Linux htop/top Display Items Fully Explained (2019)
Original: Explanation of everything you can see in htop/top on Linux (2019)
Why This Matters
Deep /proc-level Linux process monitoring knowledge is essential for SRE, DevOps, and systems engineers.
Peteris Rocks published a comprehensive guide explaining every element visible in htop and top on Linux, covering uptime, load average, process states, memory metrics (VIRT/RES/SHR), PID, niceness, and more, sourced directly from /proc filesystem internals.
This 2019 blog post by Peteris Rocks became a top post on Hacker News twice (December 2016 and November 2019) and topped r/programming and r/sysadmin, indicating strong community interest. The article systematically explains every field shown in htop on Ubuntu Server 16.04 x64.

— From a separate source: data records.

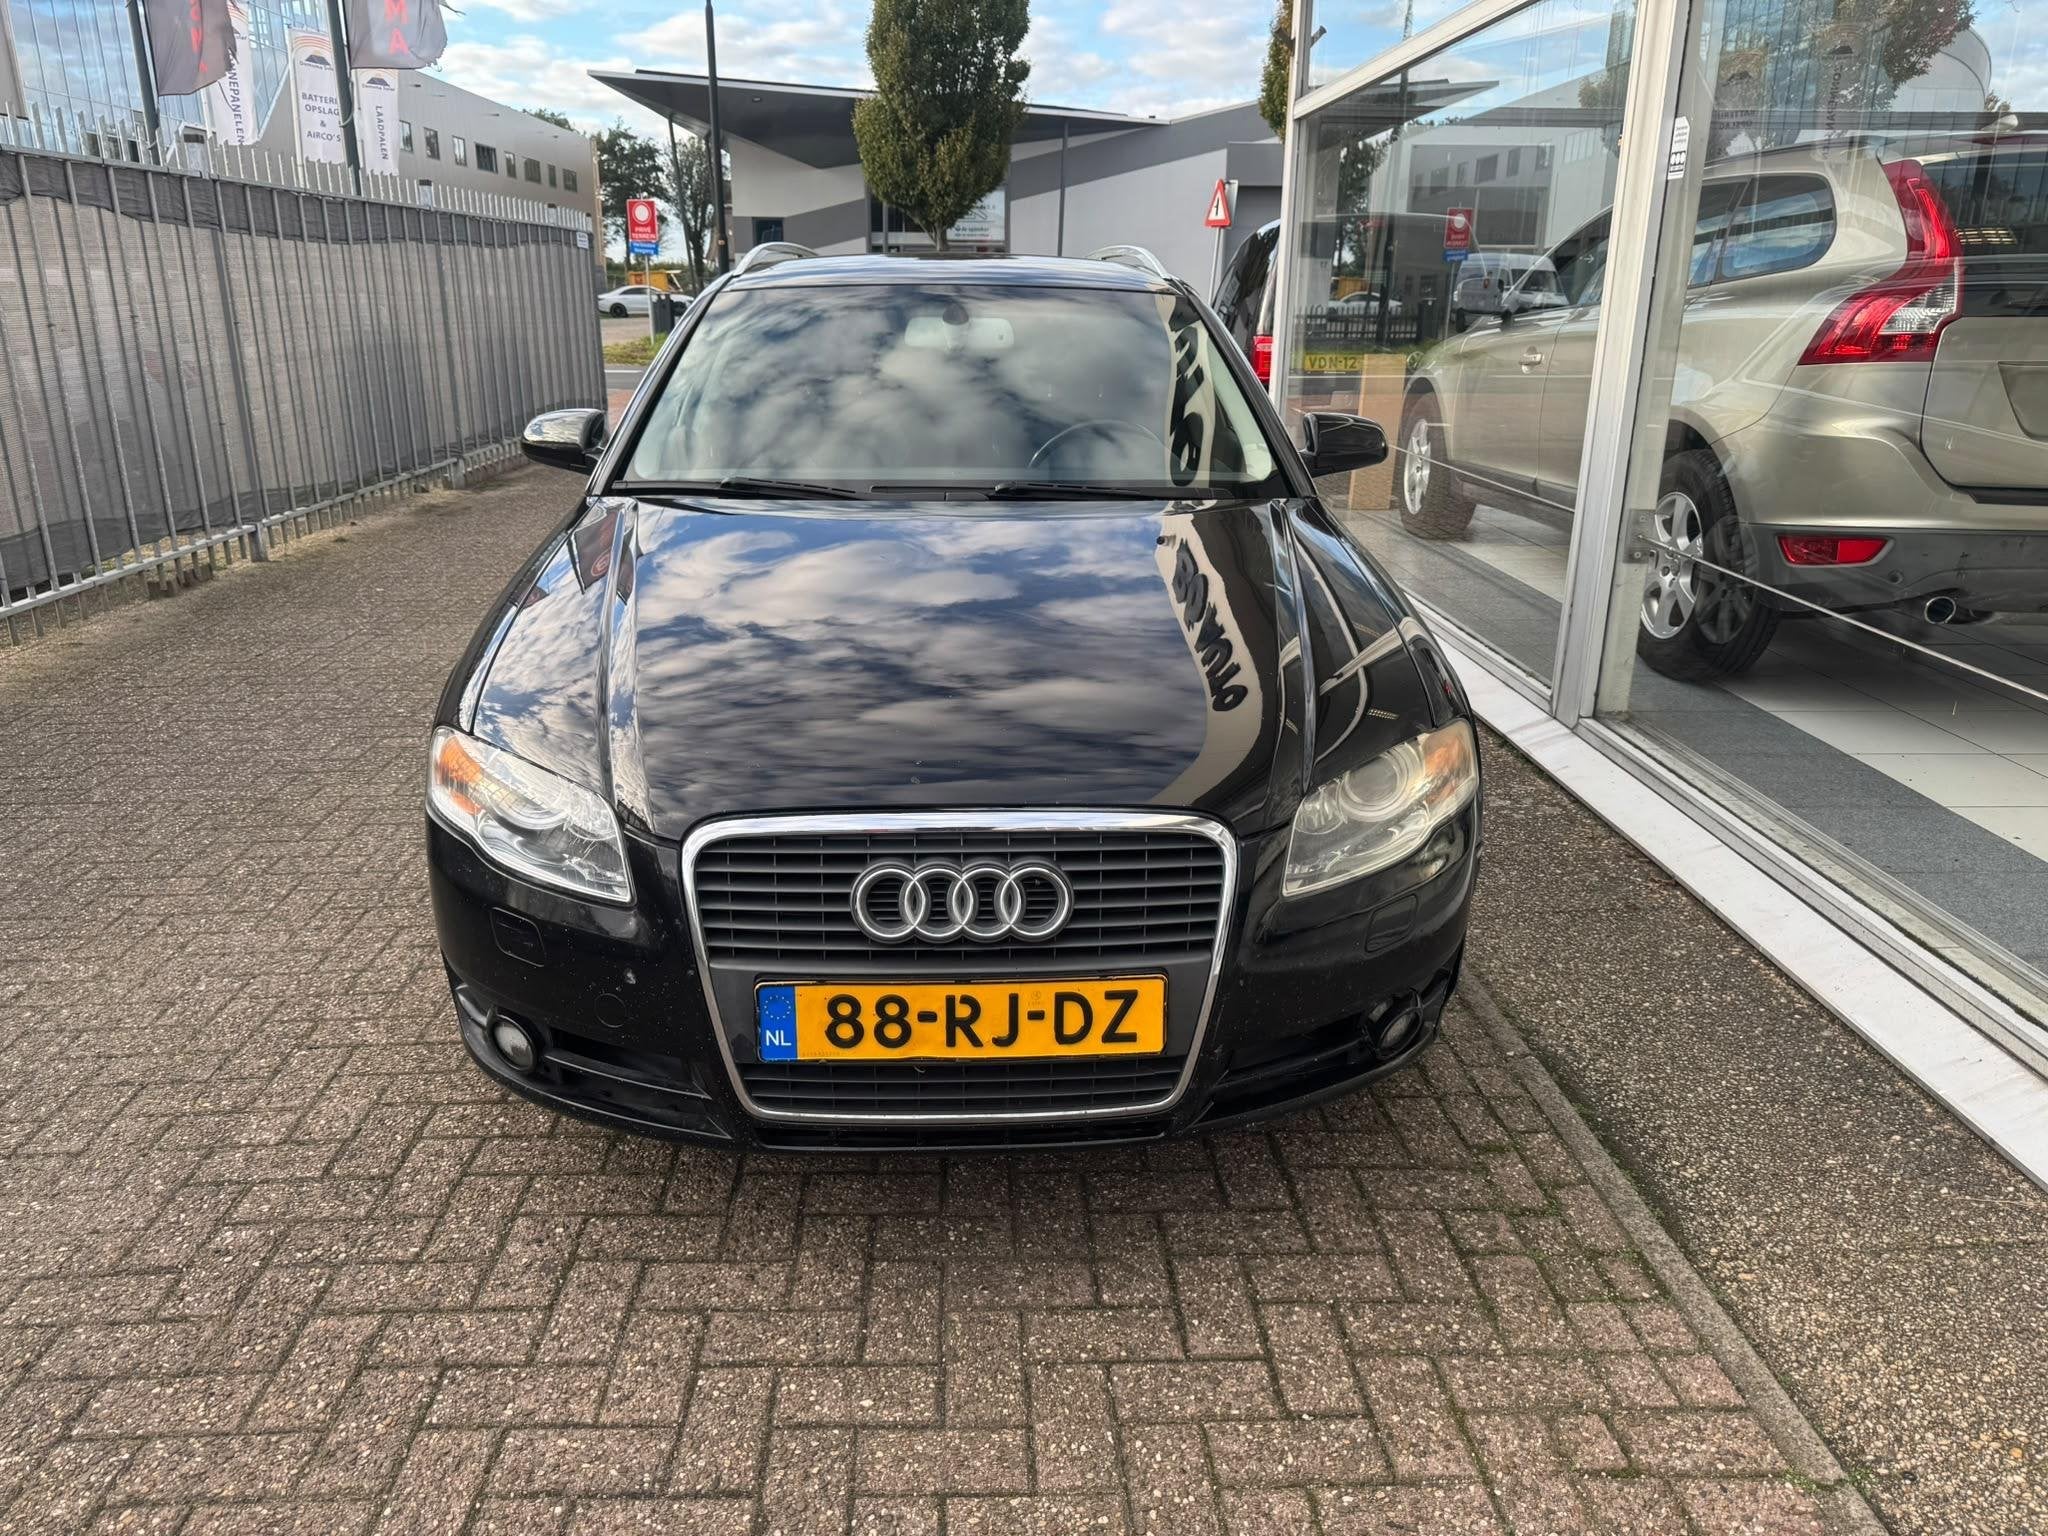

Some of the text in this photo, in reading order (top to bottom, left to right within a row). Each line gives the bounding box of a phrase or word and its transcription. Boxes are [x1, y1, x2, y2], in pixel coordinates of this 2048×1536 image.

[301, 92, 338, 104] BATTERI
[304, 104, 340, 116] OPSLAG
[375, 105, 389, 160] LAADPALEN
[1308, 356, 1360, 369] VDN-12
[824, 988, 1139, 1049] 88-RJ-DZ
[765, 1030, 792, 1047] NL

Key topics covered include: Uptime (read from /proc/uptime), Load Average (1/5/15-minute averages from /proc/loadavg — clarifying that 1.0 on a dual-core machine does not mean 50% CPU usage), Process States (R=running, S=interruptible sleep, D=uninterruptible sleep, Z=zombie, T=stopped), Memory fields (VIRT/VSZ for virtual image, RES/RSS for resident memory, SHR for shared memory, MEM%), and process niceness/priority.
The author uses strace to trace which /proc files system utilities like uptime actually read, providing a low-level, source-backed methodology. The guide also covers file descriptors, shell redirection, PID trees, and process ownership, making it a practical reference for Linux system administrators and developers.